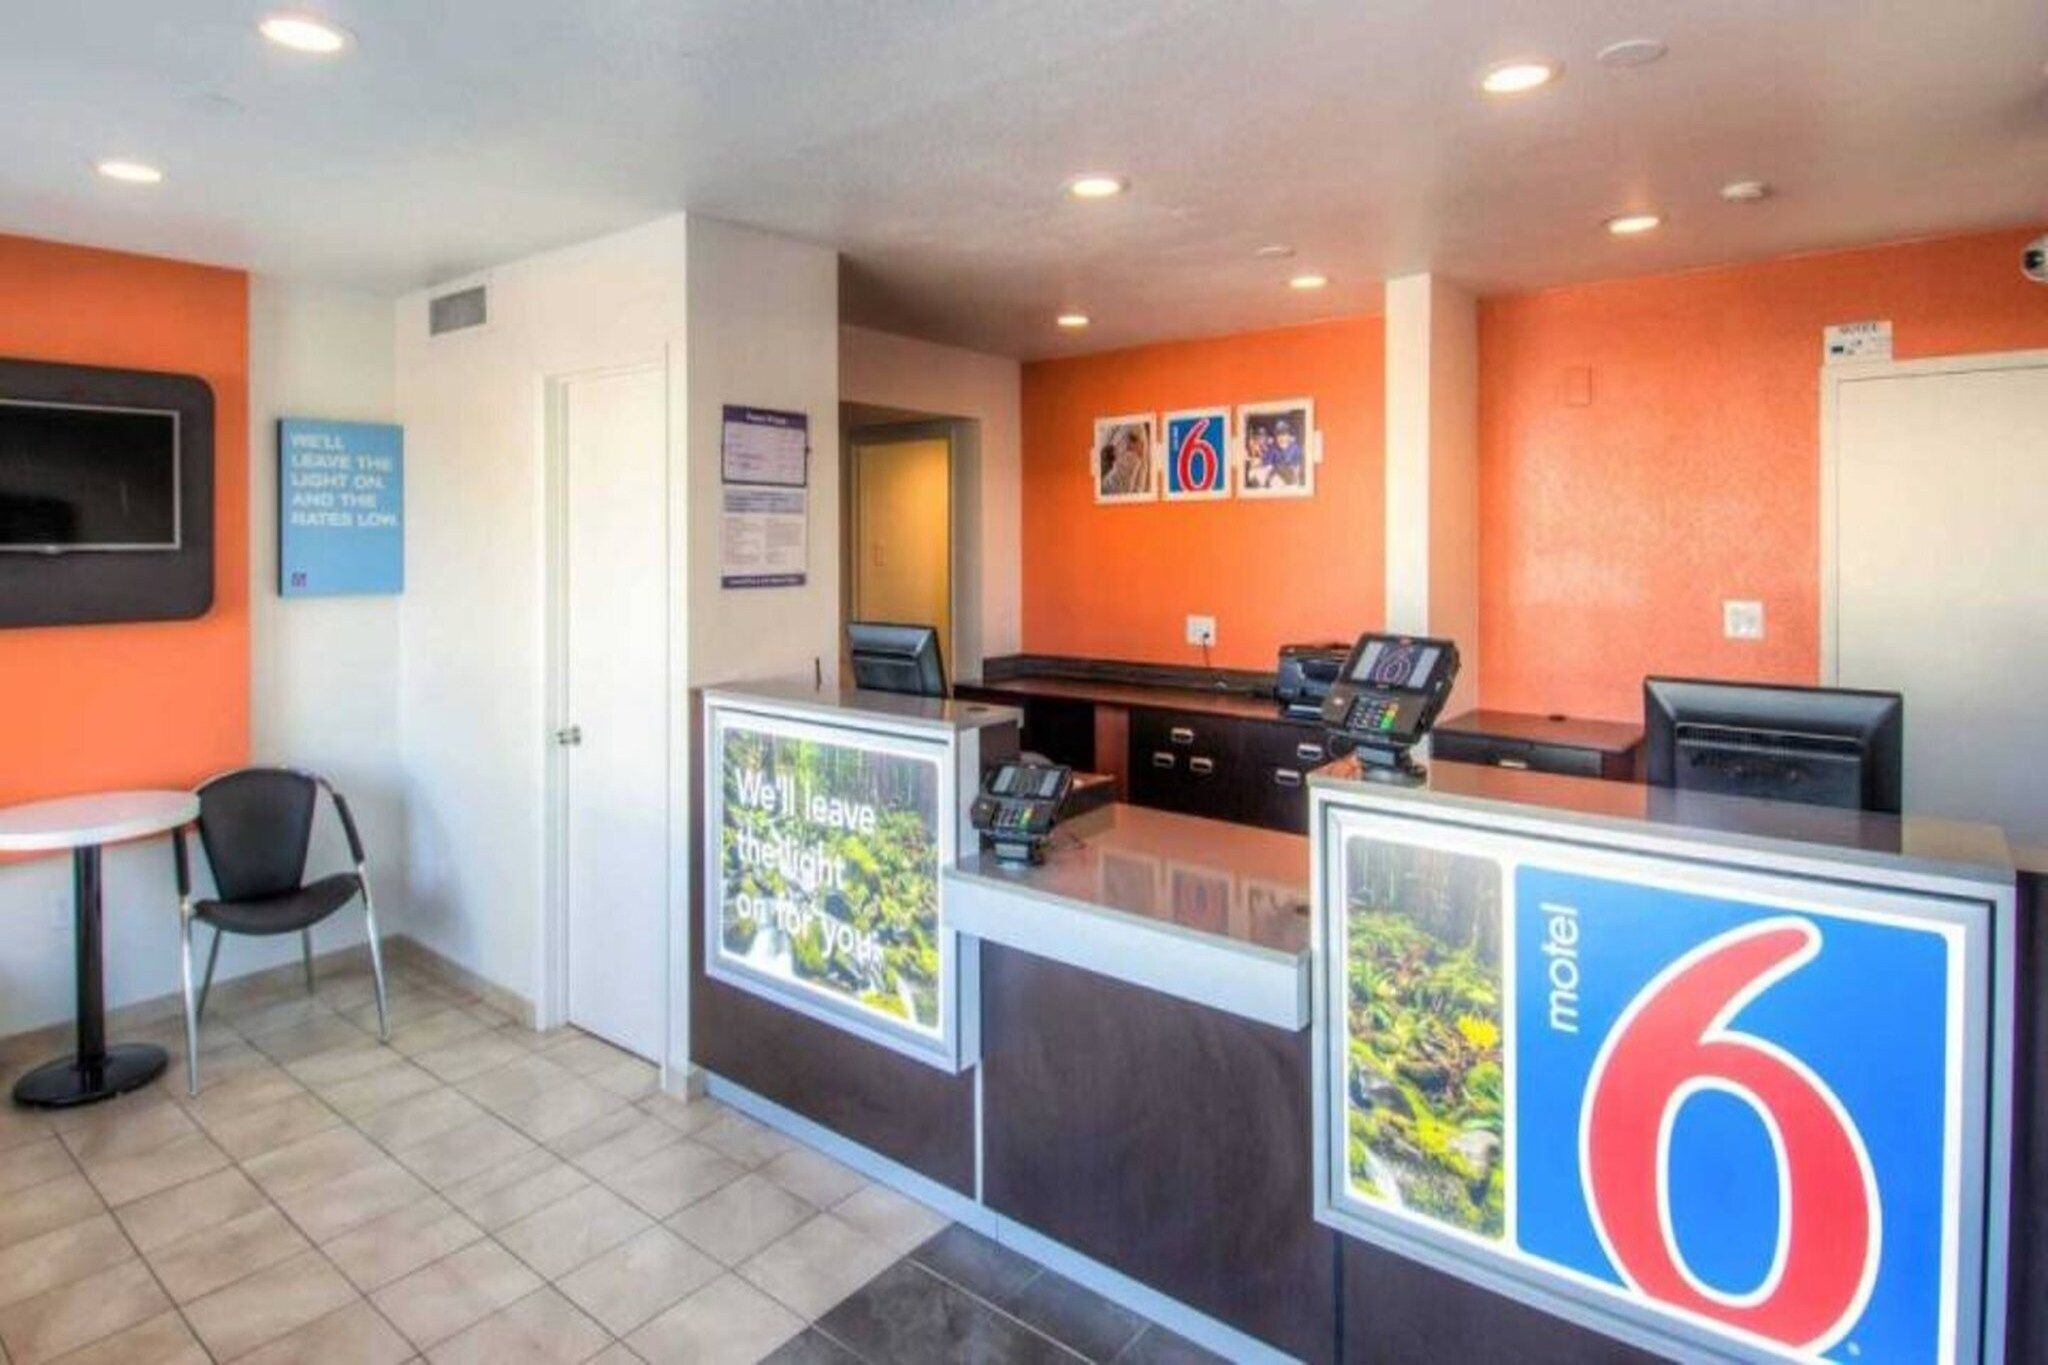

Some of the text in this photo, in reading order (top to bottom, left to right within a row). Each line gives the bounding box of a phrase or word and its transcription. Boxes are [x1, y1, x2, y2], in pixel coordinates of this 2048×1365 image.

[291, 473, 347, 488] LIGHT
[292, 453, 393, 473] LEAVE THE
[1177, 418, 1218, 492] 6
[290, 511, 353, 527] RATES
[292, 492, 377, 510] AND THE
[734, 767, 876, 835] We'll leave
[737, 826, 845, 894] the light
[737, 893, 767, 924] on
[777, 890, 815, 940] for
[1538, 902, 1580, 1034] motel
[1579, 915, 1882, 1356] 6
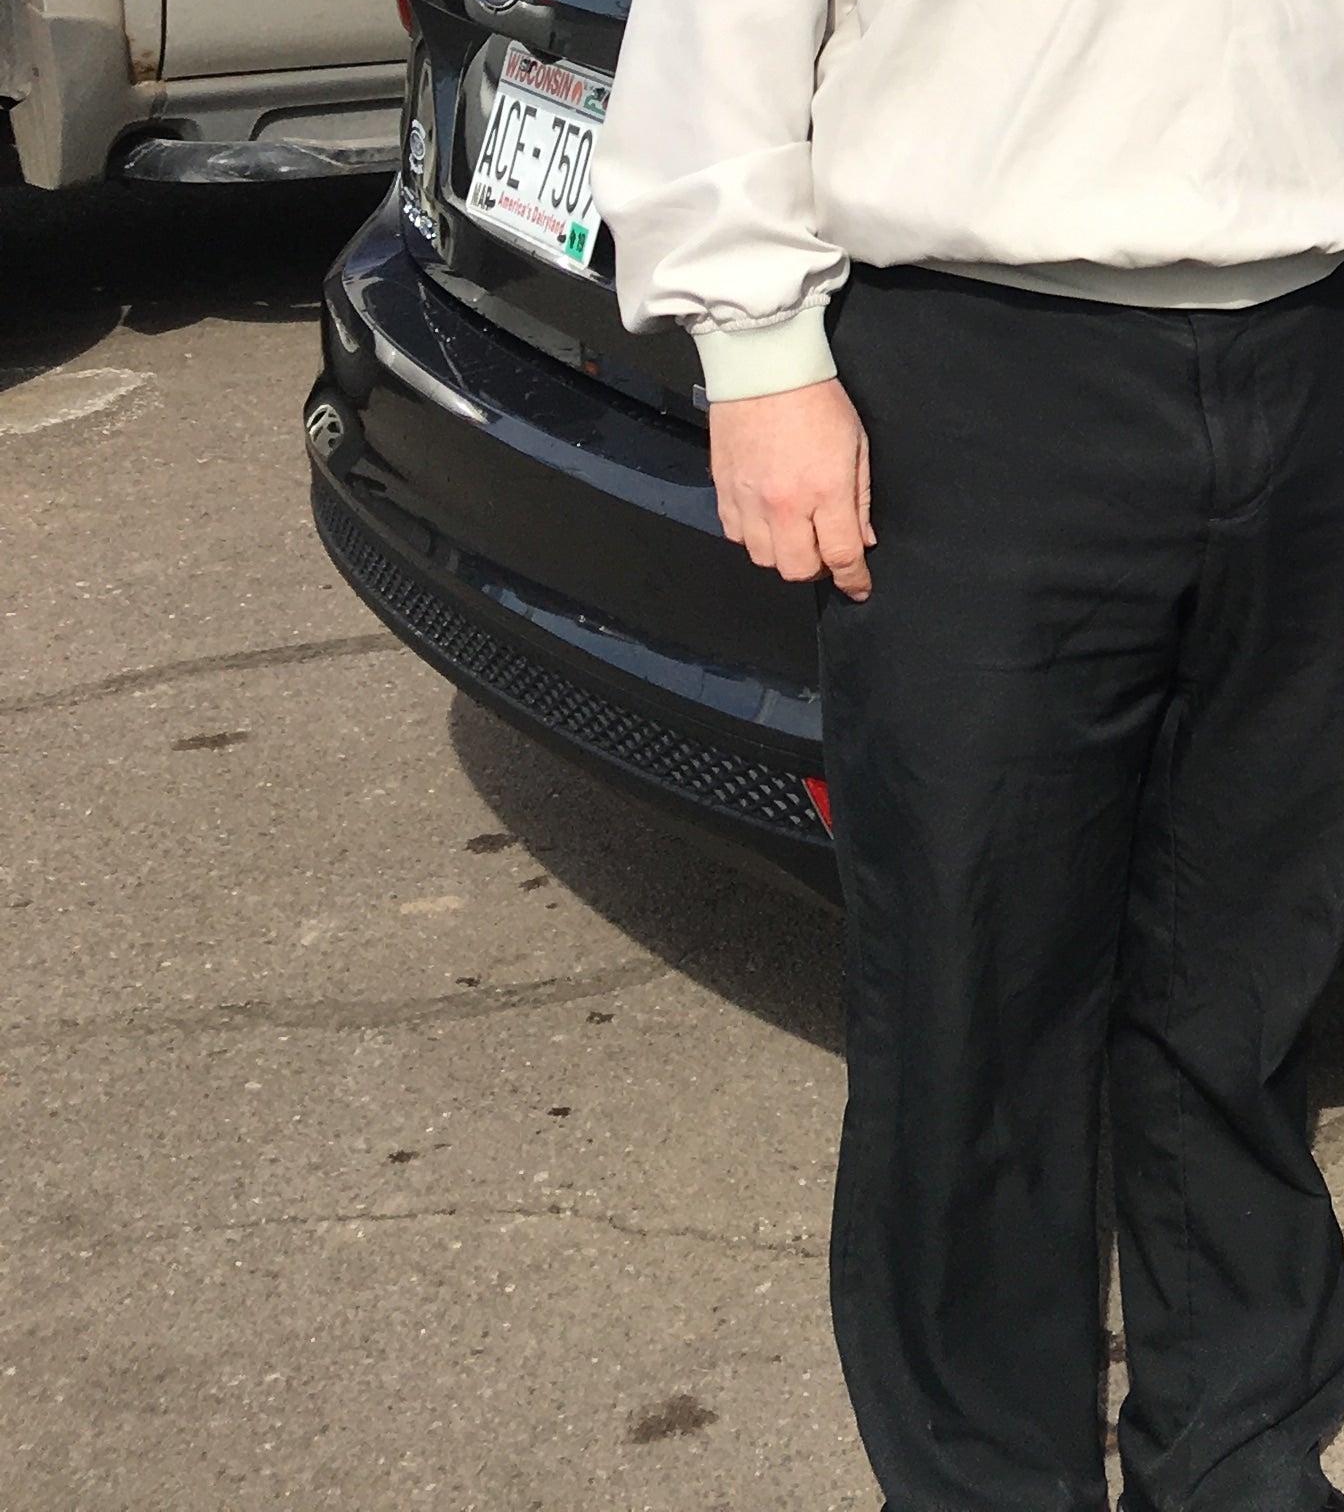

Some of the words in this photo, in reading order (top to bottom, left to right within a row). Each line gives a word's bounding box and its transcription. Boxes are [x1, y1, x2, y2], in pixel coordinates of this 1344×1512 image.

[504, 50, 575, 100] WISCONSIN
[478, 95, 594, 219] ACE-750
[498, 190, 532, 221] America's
------------
In the listing above, find the line containing "Some of the words" and please quote exactly that line through the last one, and no other lines.

Some of the words in this photo, in reading order (top to bottom, left to right within a row). Each line gives a word's bounding box and its transcription. Boxes are [x1, y1, x2, y2], in pixel coordinates of this 1344×1512 image.

[504, 50, 575, 100] WISCONSIN
[478, 95, 594, 219] ACE-750
[498, 190, 532, 221] America's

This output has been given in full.